Images for object localization:
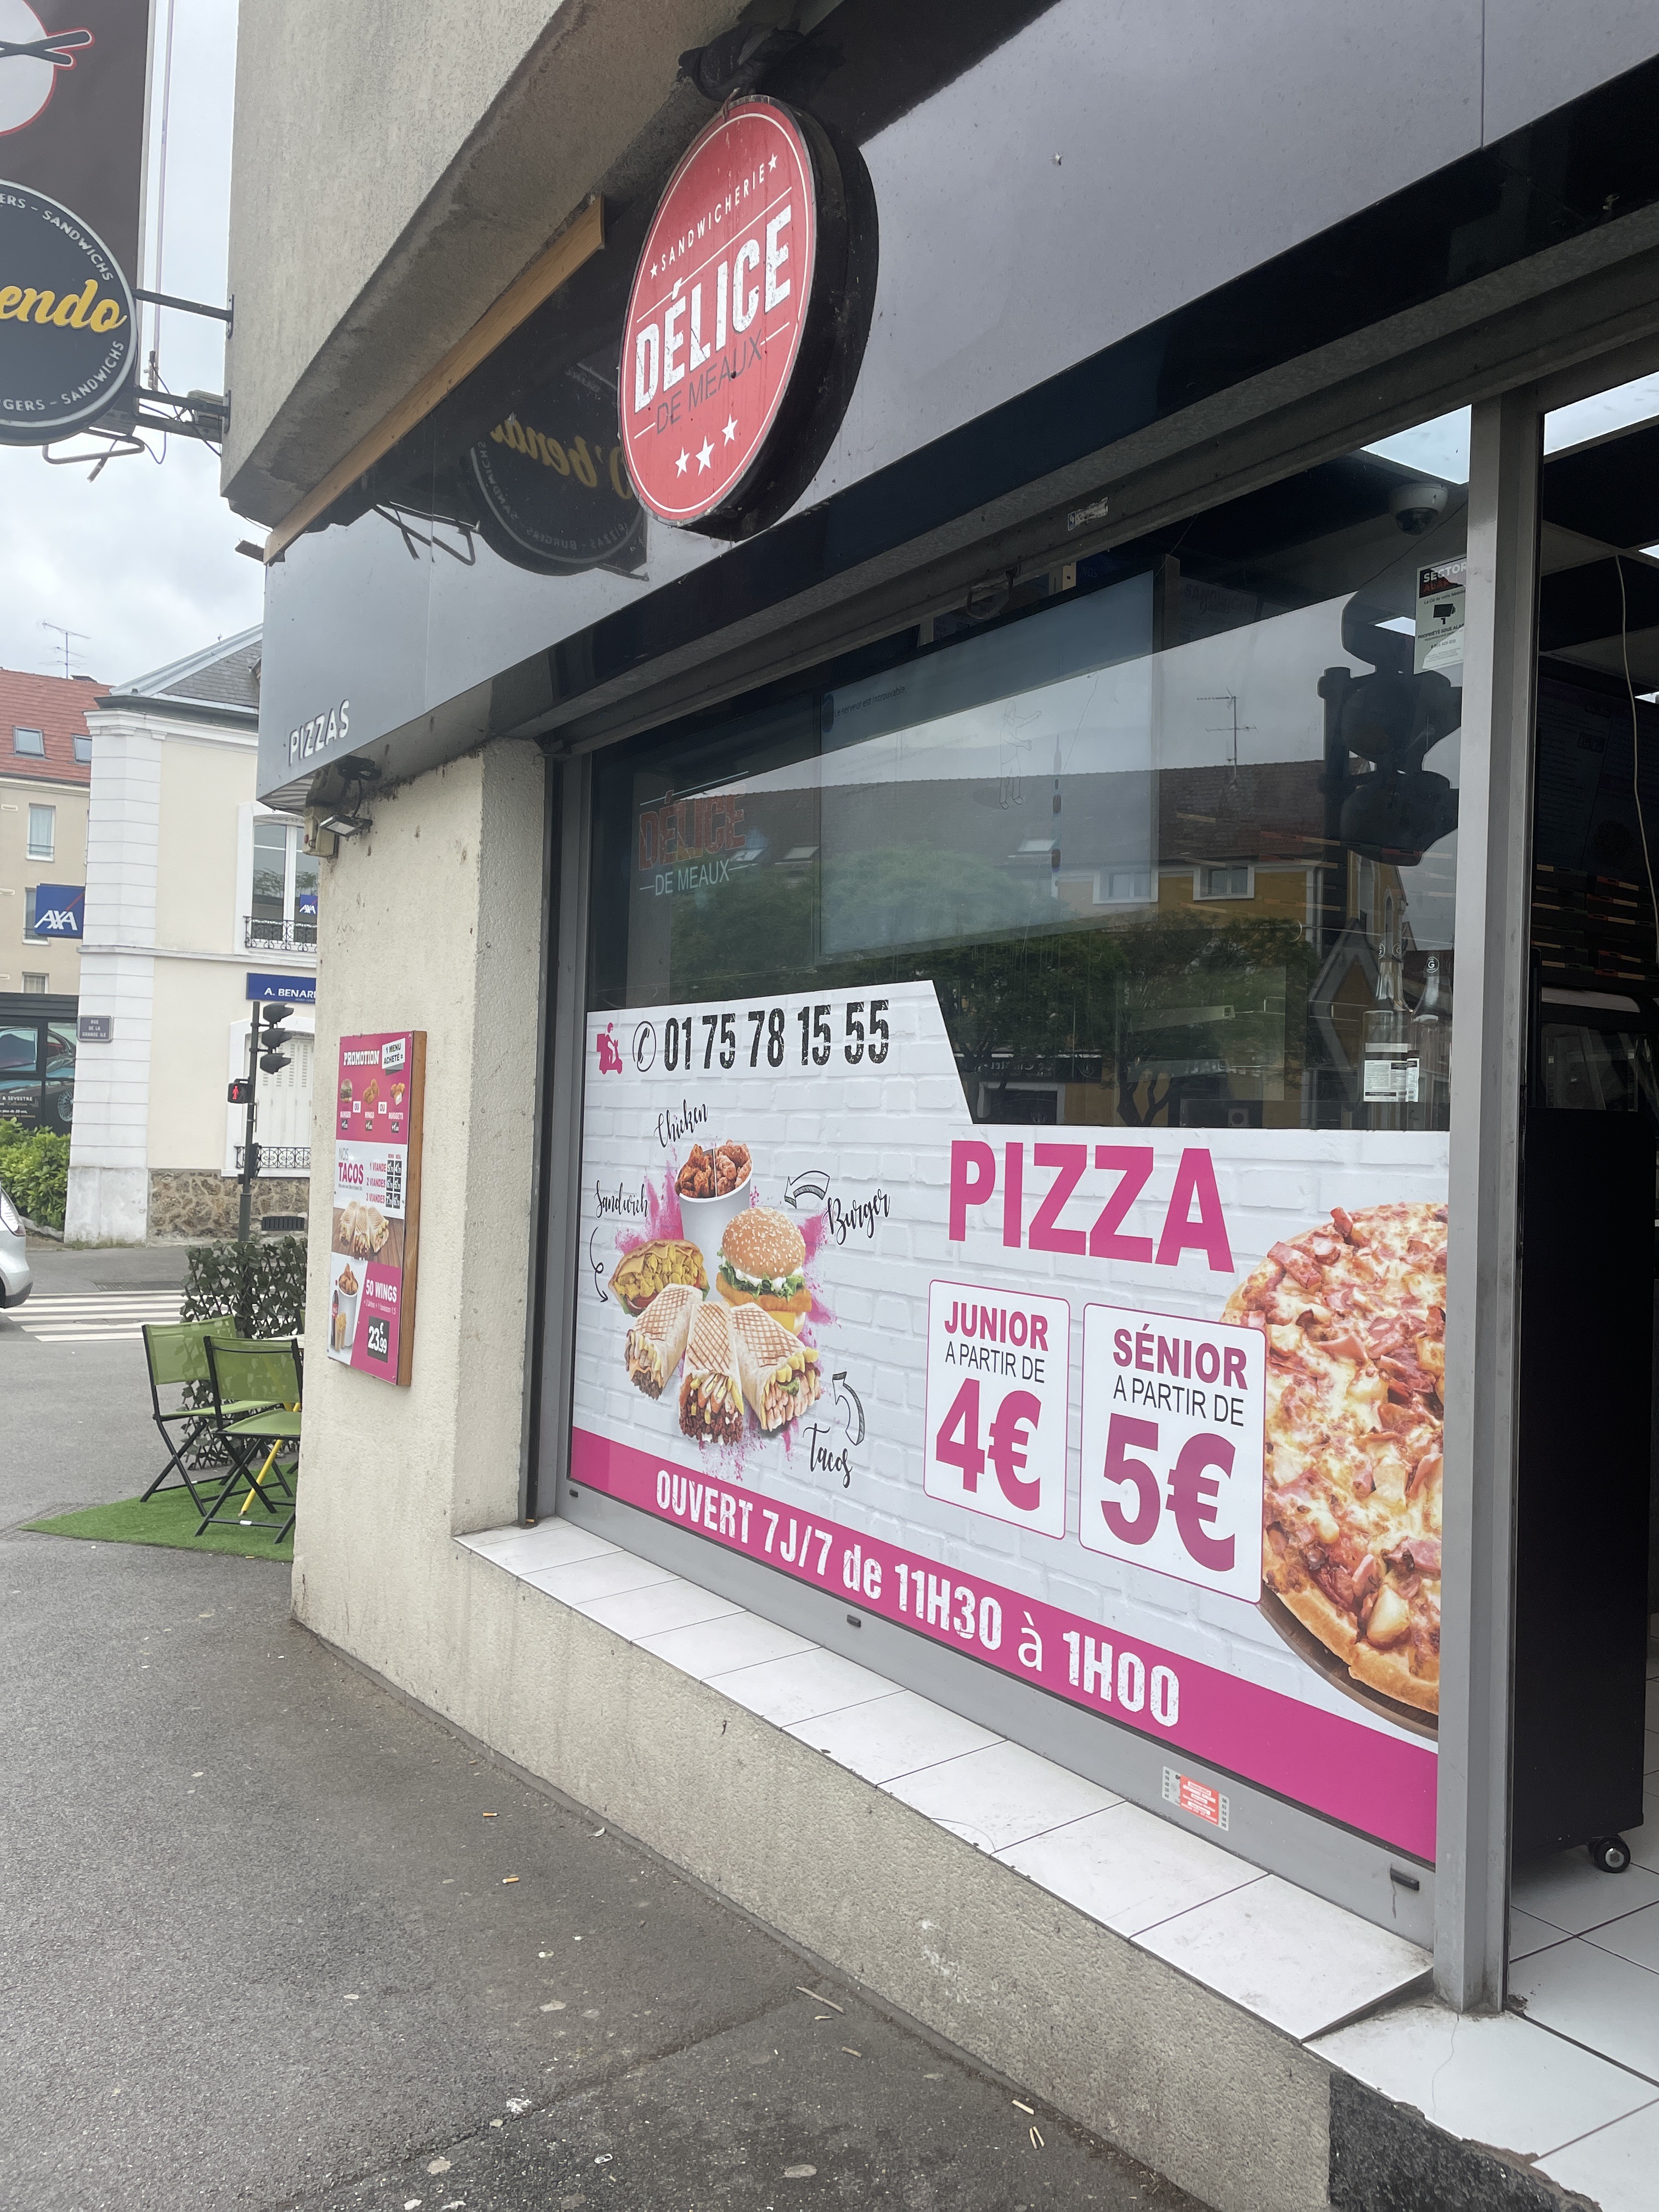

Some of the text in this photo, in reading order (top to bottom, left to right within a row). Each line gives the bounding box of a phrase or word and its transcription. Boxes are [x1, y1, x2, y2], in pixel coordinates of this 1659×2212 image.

[661, 163, 764, 272] SANDWICHERIE
[42, 210, 114, 280] SANDWICHS
[635, 205, 792, 413] DÉLICE
[0, 341, 124, 411] GERS SANDWICHS
[657, 329, 763, 434] DE MEAUX
[1423, 564, 1466, 583] SECTOR
[841, 702, 862, 714] serveur
[862, 697, 872, 708] est
[873, 685, 907, 704] introuvable.
[289, 699, 349, 766] PIZZAS
[639, 783, 746, 871] DÉLICE
[656, 859, 730, 896] DE MEAUX
[34, 910, 78, 931] AXA
[300, 904, 316, 915] AXA
[264, 987, 275, 996] A.
[343, 1050, 380, 1066] PROMOTION
[383, 1052, 400, 1065] ACHETÉ
[389, 1043, 402, 1052] MENU
[664, 1000, 889, 1071] 01 75 78 15 55
[654, 1099, 708, 1148] Chicken
[338, 1148, 349, 1161] NOS
[338, 1162, 364, 1184] TACOS
[373, 1163, 387, 1172] VIANDE
[366, 1177, 369, 1186] 2
[370, 1177, 386, 1188] VIANDES
[369, 1193, 385, 1204] VIANDES
[594, 1180, 650, 1219] Sandwich
[949, 1139, 1235, 1273] PIZZA
[823, 1189, 890, 1245] Burger
[366, 1279, 397, 1304] 50 WINGS
[945, 1301, 1048, 1351] JUNIOR
[945, 1341, 1045, 1384] A PARTIR DE
[1113, 1323, 1248, 1390] SÉNIOR
[1114, 1375, 1244, 1427] A PARTIR DE
[802, 1422, 853, 1488] Tacos
[936, 1378, 1041, 1511] 4€
[1100, 1412, 1236, 1572] 5€
[656, 1470, 1180, 1728] OUVERT 7J/7 de 11H30 à 1H00
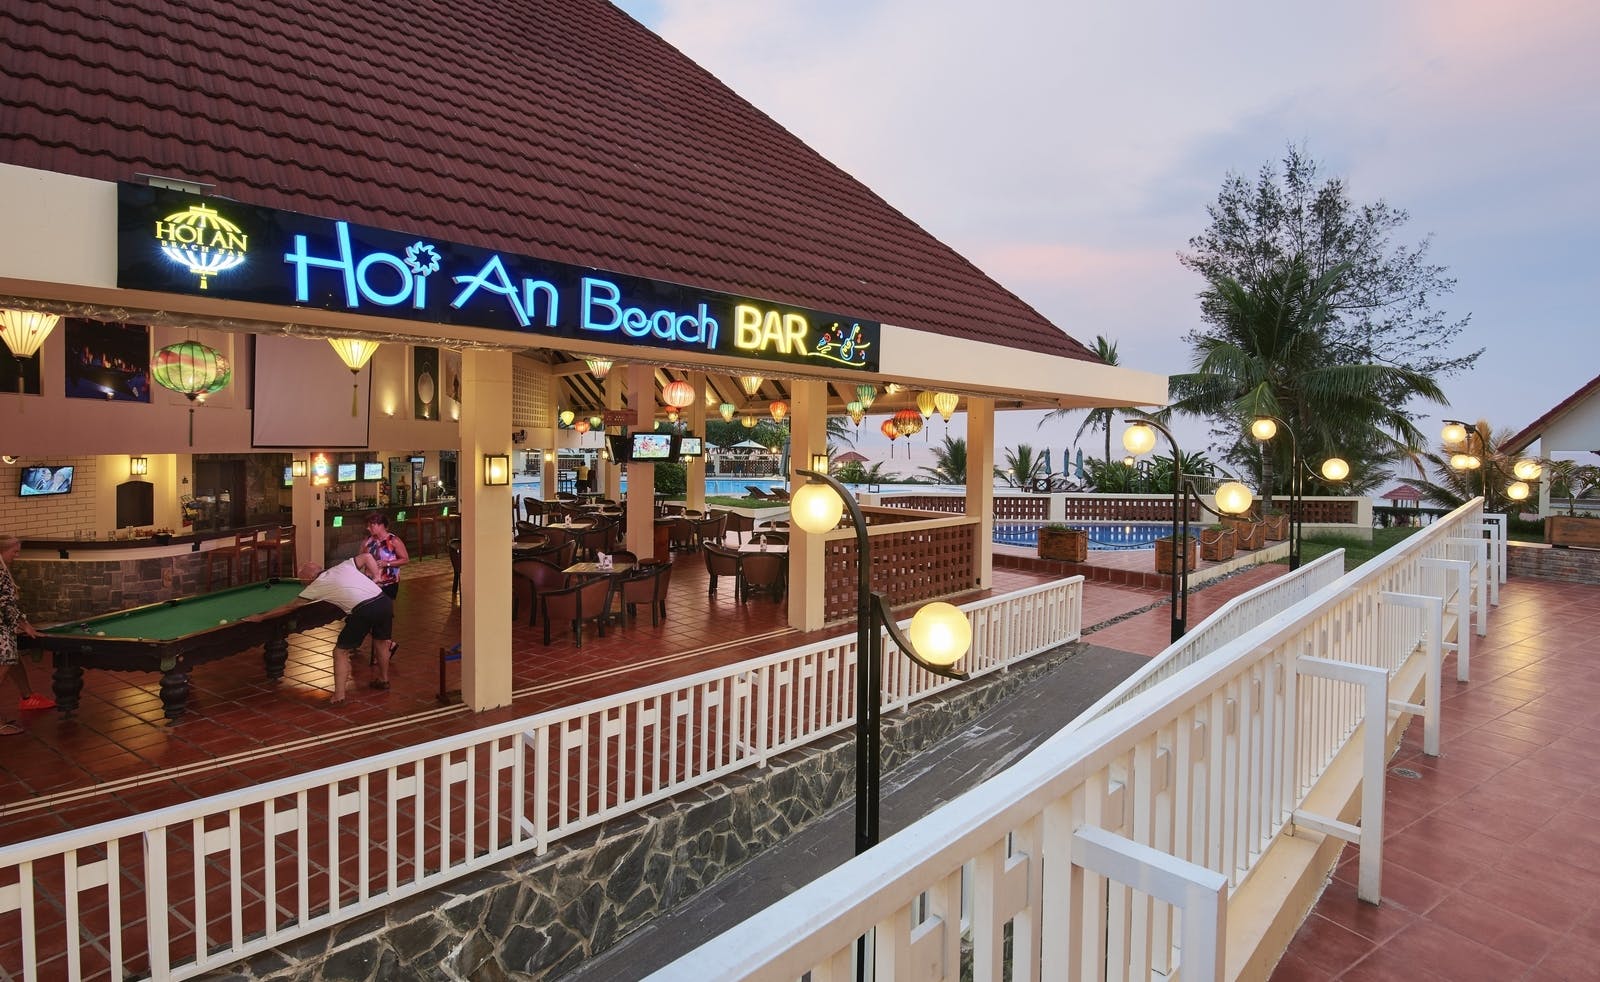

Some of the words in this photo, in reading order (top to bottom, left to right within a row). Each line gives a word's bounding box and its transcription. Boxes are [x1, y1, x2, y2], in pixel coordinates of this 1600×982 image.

[155, 221, 204, 245] HOI
[210, 230, 248, 252] AN
[161, 240, 209, 253] BEACH
[218, 249, 245, 258] BAR
[284, 221, 441, 309] Hoi
[452, 255, 559, 328] An
[581, 277, 719, 350] Beach
[734, 304, 808, 356] BAR
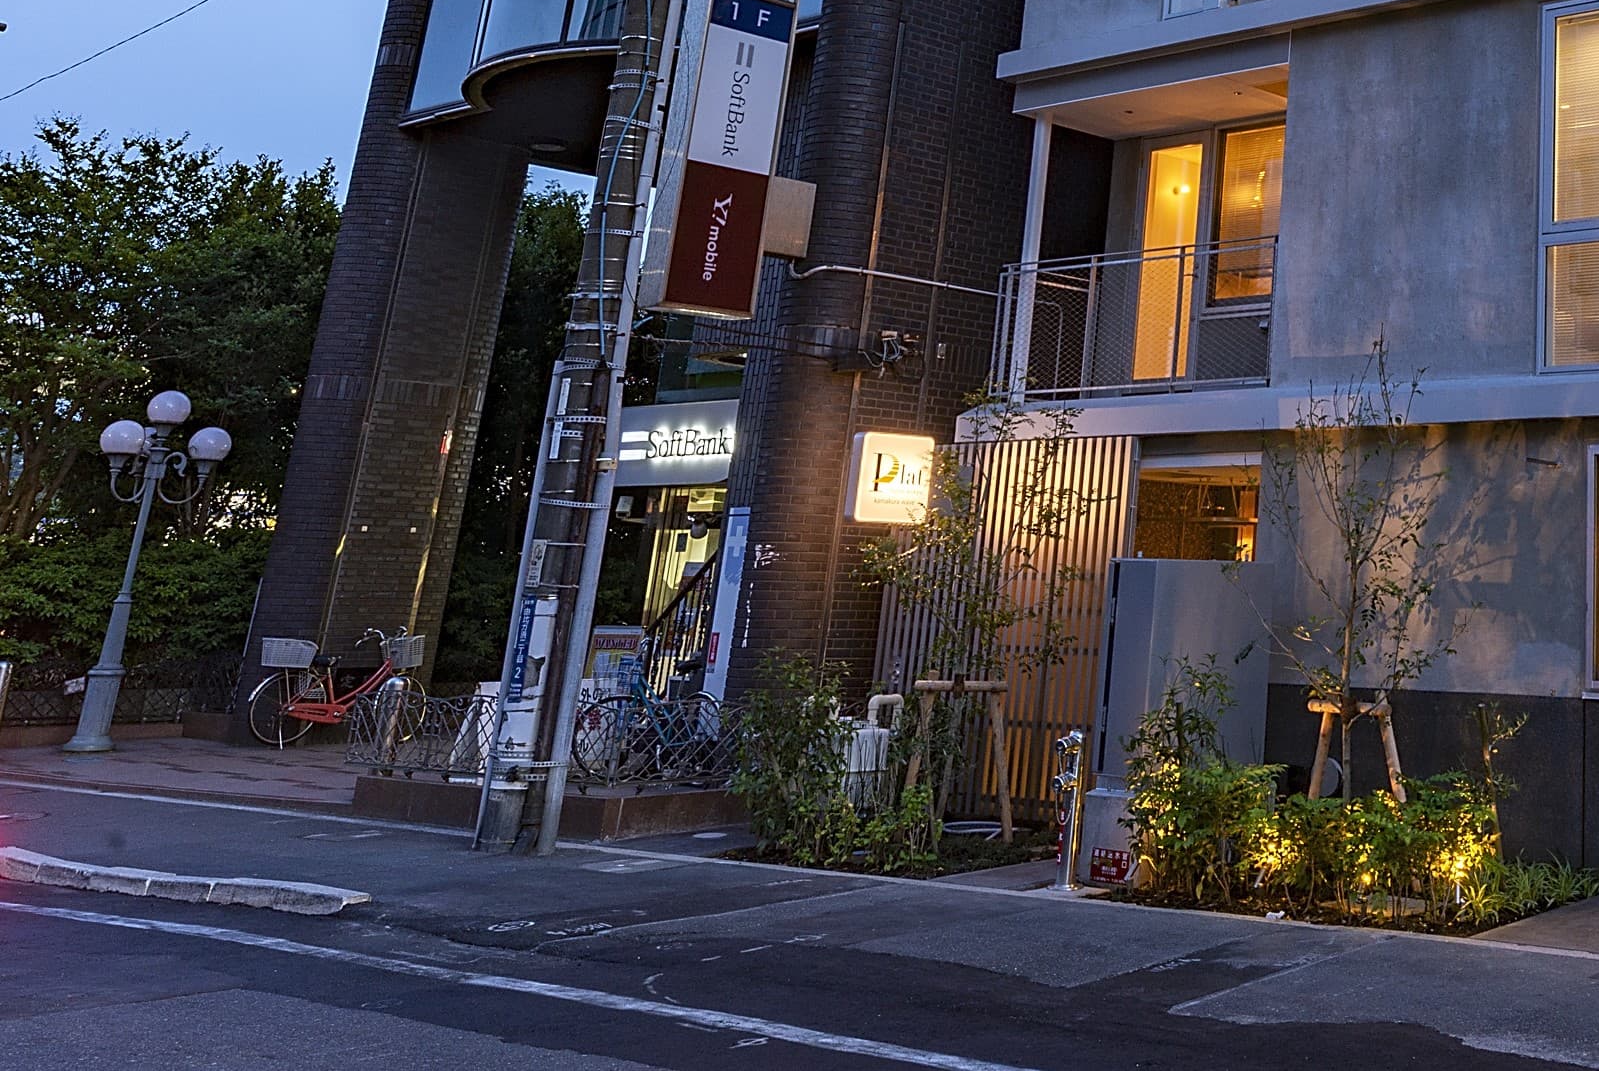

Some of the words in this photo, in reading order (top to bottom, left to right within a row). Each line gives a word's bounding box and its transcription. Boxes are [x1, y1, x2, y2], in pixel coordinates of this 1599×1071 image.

[721, 70, 750, 157] SoftBank
[646, 428, 733, 458] SoftBank
[514, 666, 521, 679] 2

Work item:
Since only the text is wanted, repeat all the records above exactly and omit the pictures.

Response to the task:
Some of the text in this photo, in reading order (top to bottom, left to right within a row). Each line gives the bounding box of a phrase or word and its transcription. Boxes are [x1, y1, x2, y2], in pixel coordinates of this 1659×2212 image.

[661, 163, 764, 272] SANDWICHERIE
[42, 210, 114, 280] SANDWICHS
[635, 205, 792, 413] DÉLICE
[0, 341, 124, 411] GERS SANDWICHS
[657, 329, 763, 434] DE MEAUX
[1423, 564, 1466, 583] SECTOR
[841, 702, 862, 714] serveur
[862, 697, 872, 708] est
[873, 685, 907, 704] introuvable.
[289, 699, 349, 766] PIZZAS
[639, 783, 746, 871] DÉLICE
[656, 859, 730, 896] DE MEAUX
[34, 910, 78, 931] AXA
[300, 904, 316, 915] AXA
[264, 987, 275, 996] A.
[343, 1050, 380, 1066] PROMOTION
[383, 1052, 400, 1065] ACHETÉ
[389, 1043, 402, 1052] MENU
[664, 1000, 889, 1071] 01 75 78 15 55
[654, 1099, 708, 1148] Chicken
[338, 1148, 349, 1161] NOS
[338, 1162, 364, 1184] TACOS
[373, 1163, 387, 1172] VIANDE
[366, 1177, 369, 1186] 2
[370, 1177, 386, 1188] VIANDES
[369, 1193, 385, 1204] VIANDES
[594, 1180, 650, 1219] Sandwich
[949, 1139, 1235, 1273] PIZZA
[823, 1189, 890, 1245] Burger
[366, 1279, 397, 1304] 50 WINGS
[945, 1301, 1048, 1351] JUNIOR
[945, 1341, 1045, 1384] A PARTIR DE
[1113, 1323, 1248, 1390] SÉNIOR
[1114, 1375, 1244, 1427] A PARTIR DE
[802, 1422, 853, 1488] Tacos
[936, 1378, 1041, 1511] 4€
[1100, 1412, 1236, 1572] 5€
[656, 1470, 1180, 1728] OUVERT 7J/7 de 11H30 à 1H00

Some of the words in this photo, in reading order (top to bottom, left to right within a row). Each line gives a word's bounding box and its transcription. Boxes are [x1, y1, x2, y2], in pixel coordinates of this 1600×982 image.

[155, 221, 204, 245] HOI
[210, 230, 248, 252] AN
[161, 240, 209, 253] BEACH
[218, 249, 245, 258] BAR
[284, 221, 441, 309] Hoi
[452, 255, 559, 328] An
[581, 277, 719, 350] Beach
[734, 304, 808, 356] BAR

Some of the words in this photo, in reading order (top to bottom, left to right within a row). Each line gives a word's bounding box and its transcription. Boxes are [x1, y1, x2, y2], in pixel coordinates of this 1599×1071 image.

[721, 70, 750, 157] SoftBank
[646, 428, 733, 458] SoftBank
[514, 666, 521, 679] 2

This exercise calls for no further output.